I'm not too jazzed about their names. I'd like to have them mention confirm or confirmation somewhere. Additionally, test authors might confuse them with the #require macro. But I wanted to add the logic first and we can discuss the name.

This adds a delay period between polling (pollingInterval), which defaults to 1 millisecond, but is configurable by test authors. Additionally, the amount of times to poll is now configurable by authors and defaults to 1,000 instead of 1,000,000. Additionally, I added 2 traits: ConfirmPassesEventuallyConfigurationTrait and ConfirmAlwaysPassesConfigurationTrait (with static methods on Trait doing the right thing: confirmPassesEventuallyDefaults and confirmAlwaysPassesDefaults respectively) for specifying pollingInterval and maxPollingIterations on a Suite and Test level.

The new traits added are not well named (they're descriptive, but could be shorter), and I would love help with naming them.

In addition to allowing test authors to configure those parts of polling, I added some guardrails - there's now a precondition for maxPollingIterations > 0 and pollingInterval > Duration.zero (pollingInterval should be > Duration.zero for the same reason it should exist in the first place - to make it easier for test authors to come up with a good-enough guess for when to stop polling).

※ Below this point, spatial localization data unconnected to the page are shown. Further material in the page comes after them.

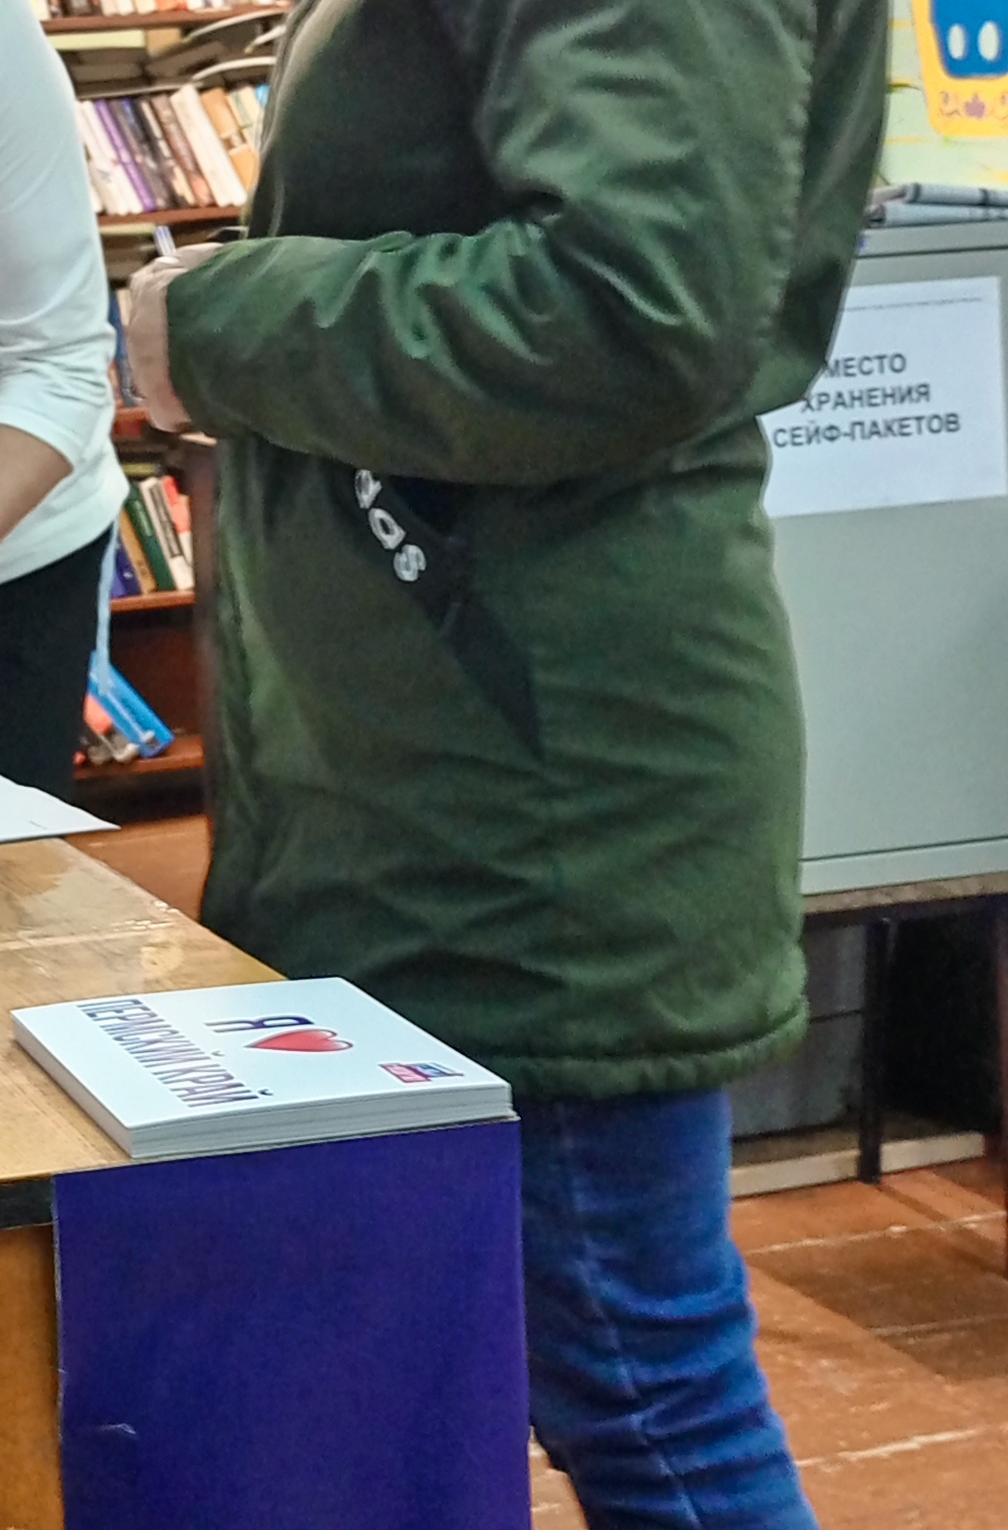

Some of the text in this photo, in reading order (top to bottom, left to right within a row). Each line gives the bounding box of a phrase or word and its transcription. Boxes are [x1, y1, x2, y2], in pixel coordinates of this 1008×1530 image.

[825, 353, 907, 379] МЕСТО
[800, 383, 931, 414] ХРАНЕНИЯ
[772, 412, 961, 448] СЕЙФ-ПАКЕТОВ
[203, 1016, 315, 1033] Я
[76, 998, 274, 1108] ПЕРМСКИЙ КРАЙ

I updated the proposal document with details behind what all I changed in the implementation.

One last thing: Because this feature is now an extension of the confirmation apis instead of #expect()/#require(), I renamed the feature to Polling Confirmations. I am inclined to leave this pitch thread named polling expectations for those who've already clicked on it. But if this pitch becomes a proposal, then it should be called Polling Confirmations.

1 Like

At this point, I feel really good about where both the implementation and proposal are.

A short summary of the changes from my last update:

  • Dropped most of the public API, down to 2 methods (both confirmation(_:until:within:pollingEvery:isolation:sourceLocation:_:)), an enum type with 2 cases (what was the PollingBehavior, now called PollingStopCondition), and the previous error case.
  • Renamed from confirmPassesEventually/confirmAlwaysPasses to the more api-consistent confirmation. The passes eventually/always passes behavior is now captured in PollingStopCondition, which currently has values .firstPass and .stopsPassing.
    • This was driven by the desire to use the confirmation name. I need to somehow distinguish polling from other forms of confirmation outside of the body closure. The other arguments unique to polling are the duration & timeout, which I don't want to make required. Additionally, I needed some way to differentiate the (currently) two stop conditions. confirmation(until: .firstPass) and confirmation(until: .stopsPassing) fulfill both requirements. Plus they read really nicely (to me), satisfying that (un?)official guideline to have APIs read like they could be english sentences.
    • Additionally, putting this behavior into the PollingStopCondition enum allows for future expansion of the enum without exponentially increasing the number of confirmation functions. The proposal document already mentions a combination of firstPass and stopsPassing, as well as custom stop conditions as future directions to consider.
  • All polling confirmations will throw an error when they fail. This is a break from the behavior of the existing confirmation APIs, but I think this is a good decision because test authors will more often want to block further execution of the program if polling fails. I think this is something the other confirmation APIs should do as well.

Again, I think this is in a really good state right now, and I'm ready to move forward with this.

3 Likes

Hi Rachel,

This looks really good:

  • excellent explanation of workings in the proposal doc
  • clean, consistent API
  • reasonable defaults

Looking forward to discussing the next steps during our next workgroup meeting.